EXERCISE MATERIAL Block Start
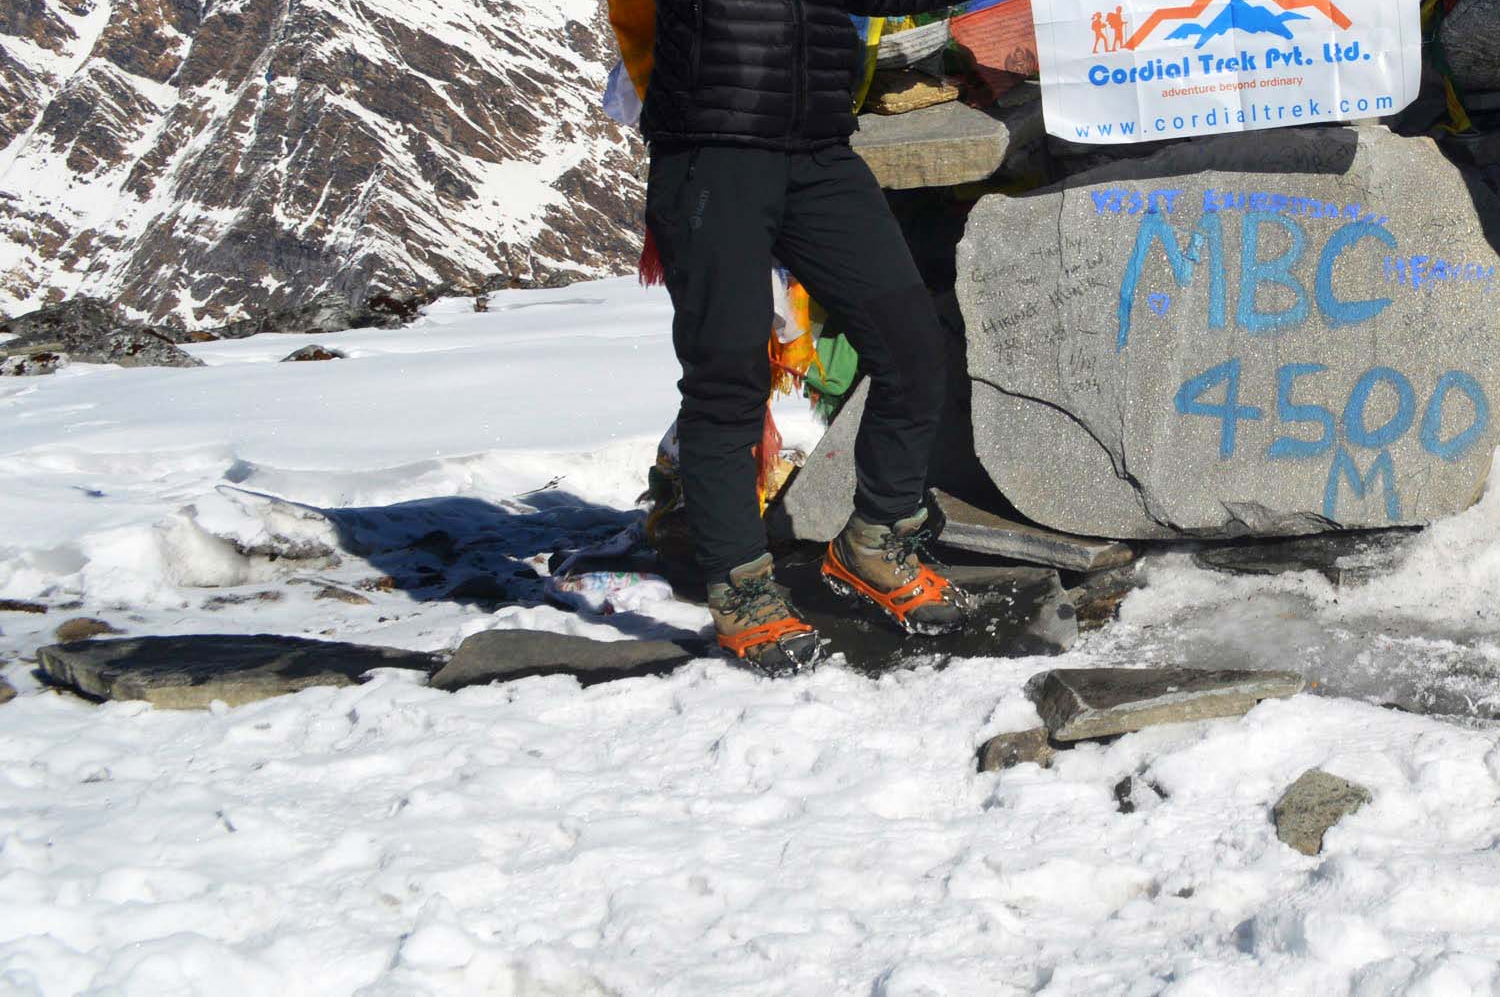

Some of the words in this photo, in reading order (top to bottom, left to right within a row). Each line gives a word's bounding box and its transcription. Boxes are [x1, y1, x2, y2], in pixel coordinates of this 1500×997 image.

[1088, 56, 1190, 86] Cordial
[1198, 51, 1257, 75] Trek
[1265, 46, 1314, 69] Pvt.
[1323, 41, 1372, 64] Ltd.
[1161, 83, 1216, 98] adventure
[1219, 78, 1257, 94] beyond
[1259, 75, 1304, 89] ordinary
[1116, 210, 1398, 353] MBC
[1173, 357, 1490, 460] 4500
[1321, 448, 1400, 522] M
EXERCISE MATERIAL Block End
# [TASK]
Pictures are to be left out; the records above must be repeated word for word.

# [ANSWER FOR THE TASK]
Some of the words in this photo, in reading order (top to bottom, left to right within a row). Each line gives a word's bounding box and its transcription. Boxes are [x1, y1, x2, y2], in pixel coordinates of this 1500×997 image.

[1088, 56, 1190, 86] Cordial
[1198, 51, 1257, 75] Trek
[1265, 46, 1314, 69] Pvt.
[1323, 41, 1372, 64] Ltd.
[1161, 83, 1216, 98] adventure
[1219, 78, 1257, 94] beyond
[1259, 75, 1304, 89] ordinary
[1116, 210, 1398, 353] MBC
[1173, 357, 1490, 460] 4500
[1321, 448, 1400, 522] M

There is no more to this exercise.